Cette façon de faire soulève évidemment des doutes quant aux motifs qui ont présidé à l’élimination de ces 418 dossiers. Comme l’opposition, on ne peut que s’interroger, surtout qu’à l’époque la ministre avait dû congédier son chef de cabinet, Jean-Sébastien Marineau, après avoir eu connaissance d’allégations de trafic d’influence dont elle avait informé la police. Selon La Presse, M. Marineau intervenait dans des dossiers touchant la construction de terrains de sport à surface synthétique.
Ces seuls doutes ne justifient pas la démission de Michelle Courchesne, pas plus que le rapprochement avec les blâmes portés à son encontre par le vérificateur il y a deux ans dans le dossier des 18 000 nouvelles places en garderie. Selon ses mots, le processus d’attribution avait laissé une « grande place à la subjectivité ». L’affaire était beaucoup plus sérieuse puisque des liens avaient été établis entre l’attribution de places à des promoteurs privés et le versement de contributions à la caisse électorale libérale. L’Unité permanente anticorruption s’était intéressée à ce dossier.

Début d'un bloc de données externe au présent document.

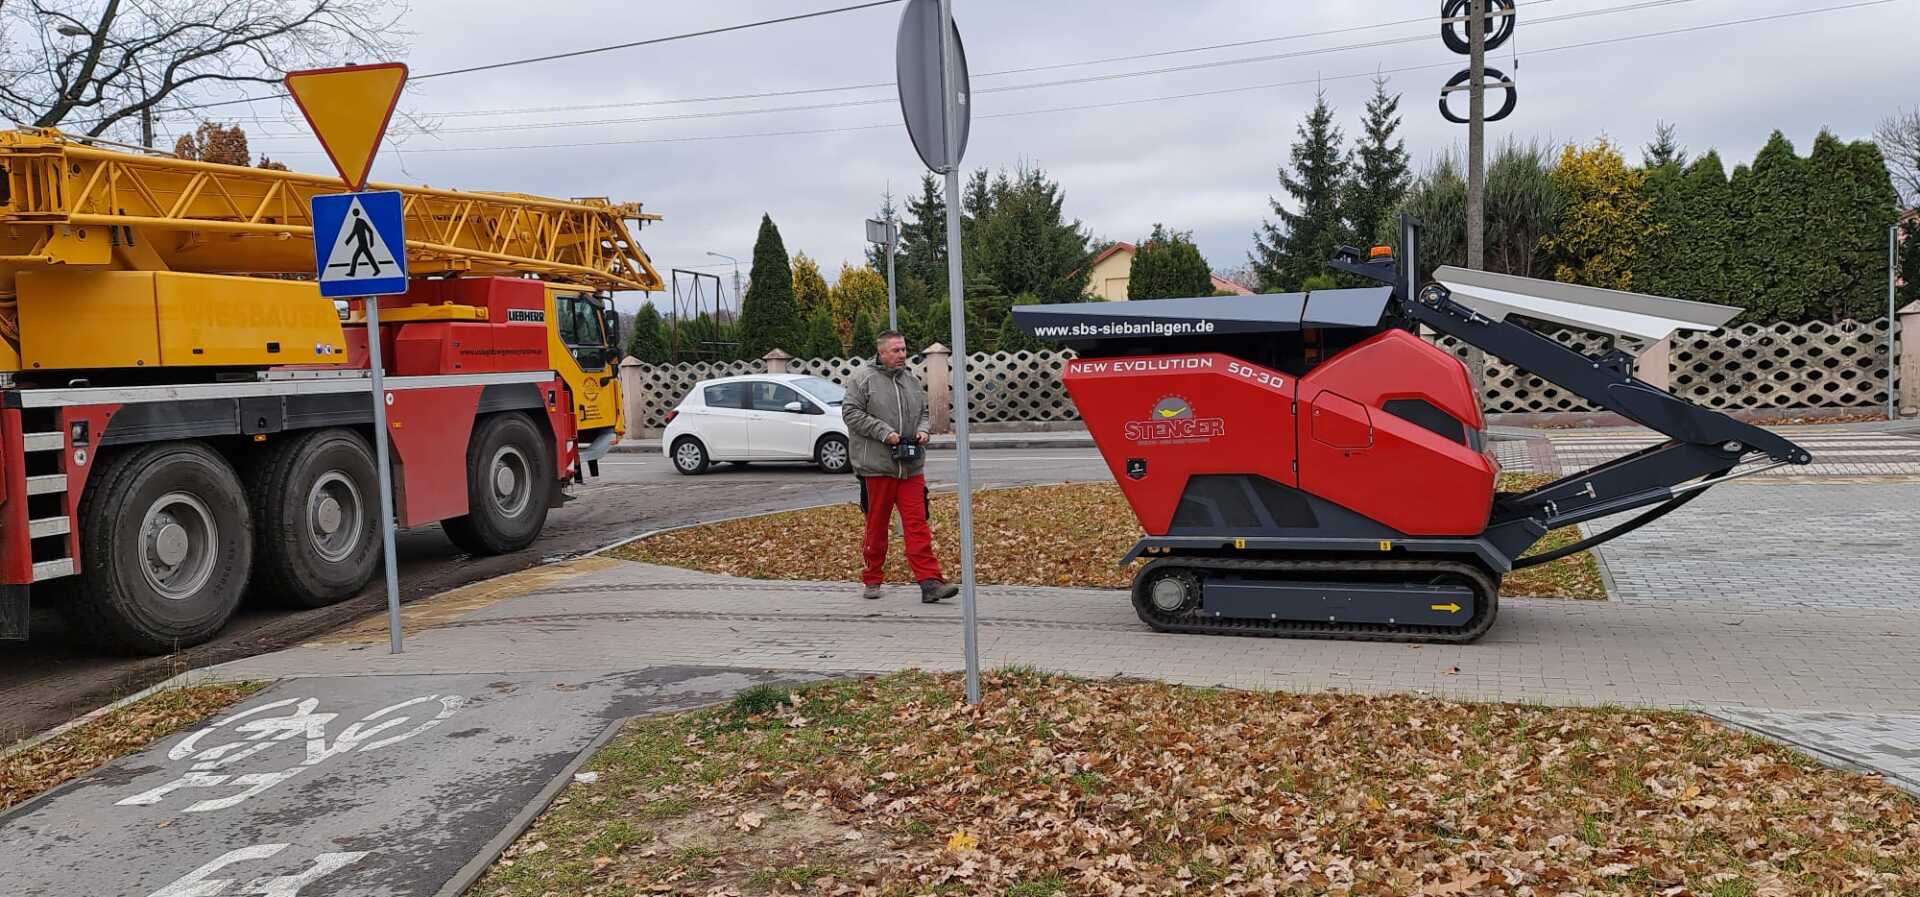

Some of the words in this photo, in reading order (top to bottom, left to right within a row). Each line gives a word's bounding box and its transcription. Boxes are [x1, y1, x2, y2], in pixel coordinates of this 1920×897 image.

L’attaque de l’opposition péquiste fait pour le moins mal paraître Michelle Courchesne. Il y a eu intervention politique dans la gestion du Fonds pour le développement du sport, comme il y en a eu dans le dossier des garderies. Il en reste un doute que l’opposition cherche par ses attaques à ancrer dans l’esprit des électeurs, qui seront alors confortés dans leur opinion que les ministres du gouvernement Charest abusent de leur pouvoir discrétionnaire de décision.
Incorrigibles sont les libéraux à cet égard. Les cas d’interventions politiques survenus depuis qu’ils sont au pouvoir sont multiples. Pensons aux nominations de juges, un exemple venu de tout en haut. Ils croient qu’être au pouvoir leur permet de tout décider, mais ils confondent les rôles. Il leur revient d’adopter des politiques et programmes, pas de les mettre en oeuvre. Cela est le rôle de la fonction publique. Mais cela, ils ne le comprennent pas. Ou ne veulent pas le comprendre.